# [Action item]
No images, please. Copy each entry below exactly as it reads.

(Saved data entries)
════

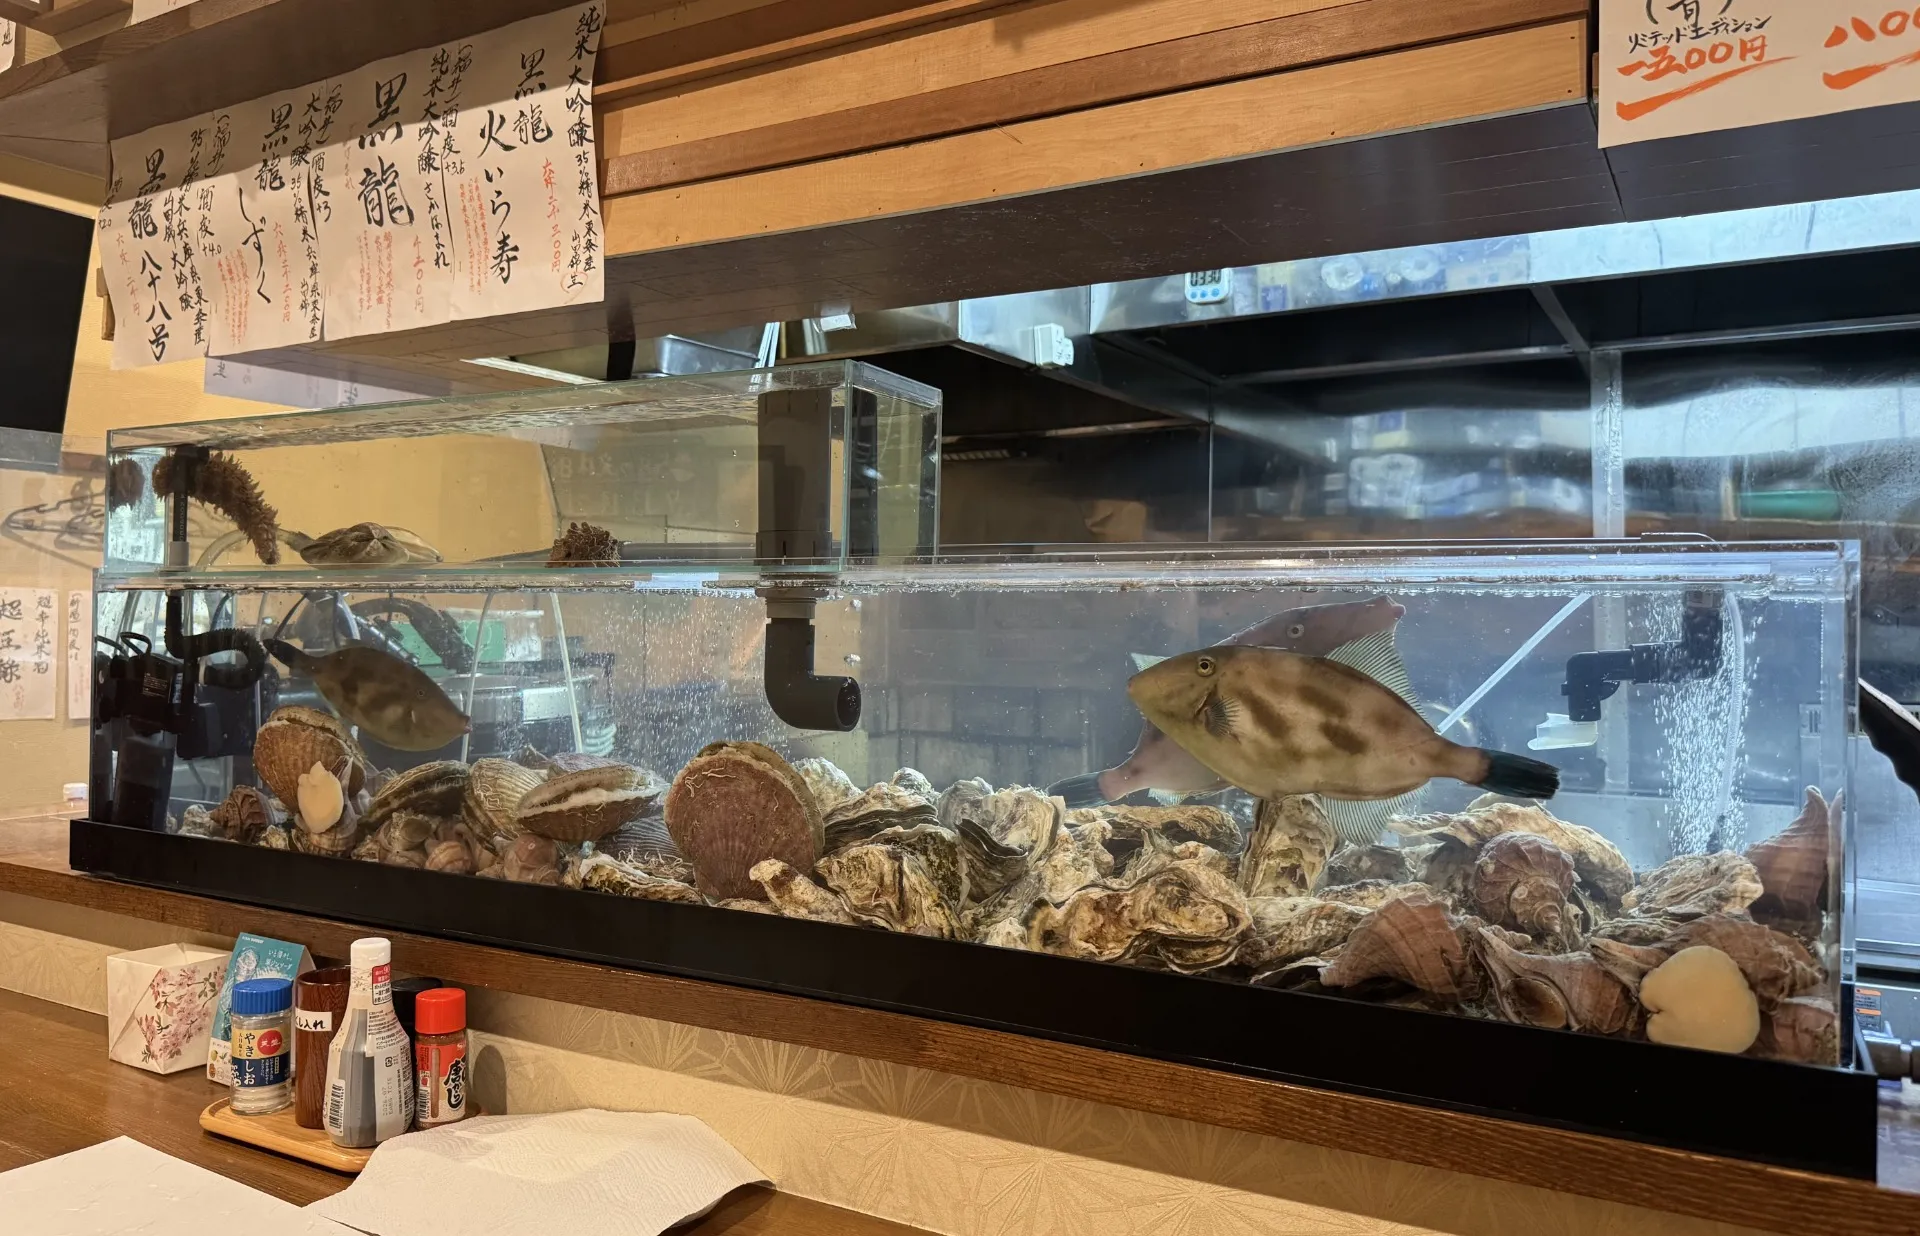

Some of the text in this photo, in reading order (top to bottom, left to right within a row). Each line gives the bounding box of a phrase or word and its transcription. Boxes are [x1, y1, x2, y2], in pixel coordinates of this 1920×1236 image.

[1628, 16, 1772, 53] リミテッドエディション
[512, 48, 554, 147] 黒龍
[253, 102, 293, 192] 黒龍
[357, 72, 416, 228] 黒龍
[477, 108, 519, 285] 火いら寿
[243, 1032, 256, 1086] やきしお

════

# [Result below]
Some of the text in this photo, in reading order (top to bottom, left to right within a row). Each line gives the bounding box of a phrase or word and its transcription. Boxes are [x1, y1, x2, y2], in pixel coordinates of this 1920×1236 image.

[1628, 16, 1772, 53] リミテッドエディション
[512, 48, 554, 147] 黒龍
[253, 102, 293, 192] 黒龍
[357, 72, 416, 228] 黒龍
[477, 108, 519, 285] 火いら寿
[243, 1032, 256, 1086] やきしお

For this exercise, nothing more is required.